Carbachol is a parasympathomimetic that stimulates both muscarinic and nicotinic receptors. In topical ocular and intraocular administration its principal effects are miosis and increased aqueous humour outflow.

In the cat and rat, carbachol is well known for its ability to induce rapid eye movement (REM) sleep when microinjected into the pontine reticular formation. Carbachol elicits this REM sleep-like state via activation of postsynaptic muscarinic cholinergic receptors (mAChRs).

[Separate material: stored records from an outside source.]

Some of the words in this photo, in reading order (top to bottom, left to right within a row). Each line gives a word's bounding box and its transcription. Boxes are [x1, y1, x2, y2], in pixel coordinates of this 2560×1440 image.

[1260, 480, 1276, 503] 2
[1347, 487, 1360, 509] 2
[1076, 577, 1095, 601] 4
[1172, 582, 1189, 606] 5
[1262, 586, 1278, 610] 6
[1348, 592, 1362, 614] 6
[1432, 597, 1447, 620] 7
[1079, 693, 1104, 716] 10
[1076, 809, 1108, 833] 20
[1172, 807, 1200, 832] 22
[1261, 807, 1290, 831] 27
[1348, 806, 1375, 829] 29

A recent review indicates that carbachol is a strong promoter of ICC activity, which is mediated through the calcium-activated chloride channel, anoctamin 1.

===Synthesis===
Carbachol may be prepared in a 2 step process beginning with the reaction of 2-chloroethanol with urea to form a 2-chloroethyl-carbamate, which is then quaternised by a reaction with trimethylamine.

== Indications ==
Carbachol is primarily used in the treatment of glaucoma, but it is also used during ophthalmic surgery. Carbachol eyedrops are used to decrease the pressure in the eye for people with glaucoma. It is sometimes used to constrict the pupils during cataract surgery.

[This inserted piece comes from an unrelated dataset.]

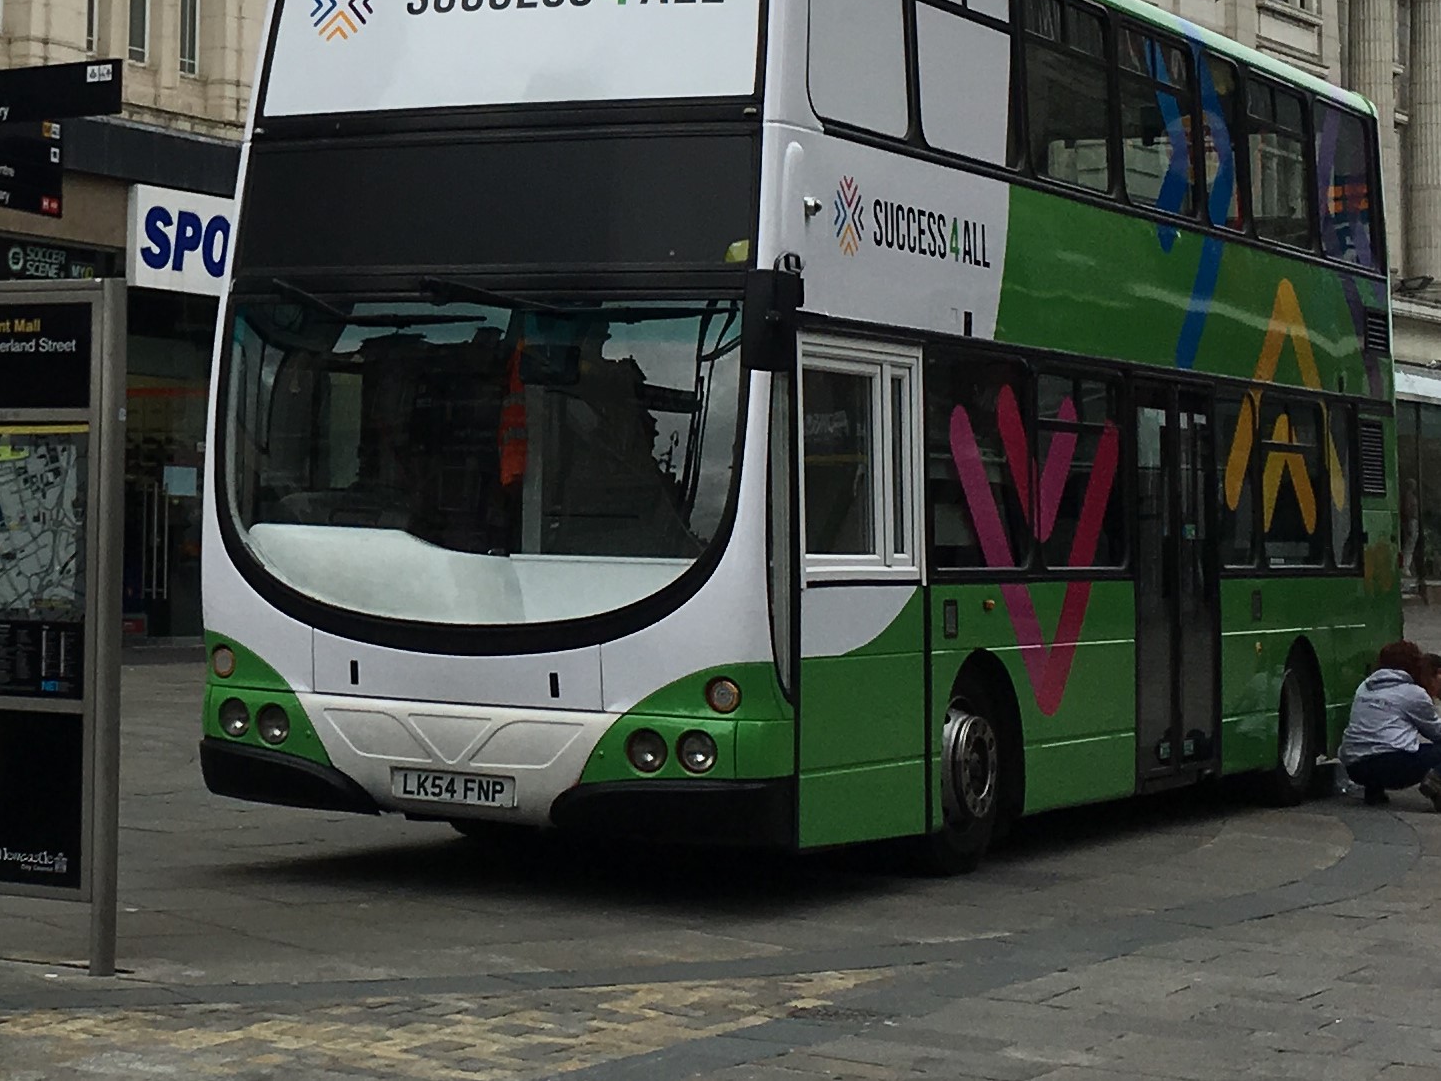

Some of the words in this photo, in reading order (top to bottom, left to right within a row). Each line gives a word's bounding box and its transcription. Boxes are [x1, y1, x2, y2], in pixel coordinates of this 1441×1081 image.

Topical ocular administration is used to decrease intraocular pressure in people with primary open-angle glaucoma. Intraocular administration is used to produce miosis after lens implantation during cataract surgery. Carbachol can also be used to stimulate bladder emptying to treat the condition of underactive bladder.

In most countries carbachol is only available by prescription. Outside the United States, it is also indicated for urinary retention as an oral (2 mg) tablet.

== Contraindications ==
Use of carbachol, as well as all other muscarinic receptor agonists, is contraindicated in patients with asthma, coronary insufficiency, gastroduodenal ulcers, and incontinence. The parasympathomimetic action of this drug will exacerbate the symptoms of these disorders.

== Overdose ==
The effects of a systemic overdose will probably be similar to the effects of a nerve agent (they both act on the cholinergic system, increasing cholinergic transmission), but its toxicity is much weaker and it is easier to antagonize in overdose. When administered ocularly there is little risk of such effects, since the doses are much smaller (see topical versus systemic administration).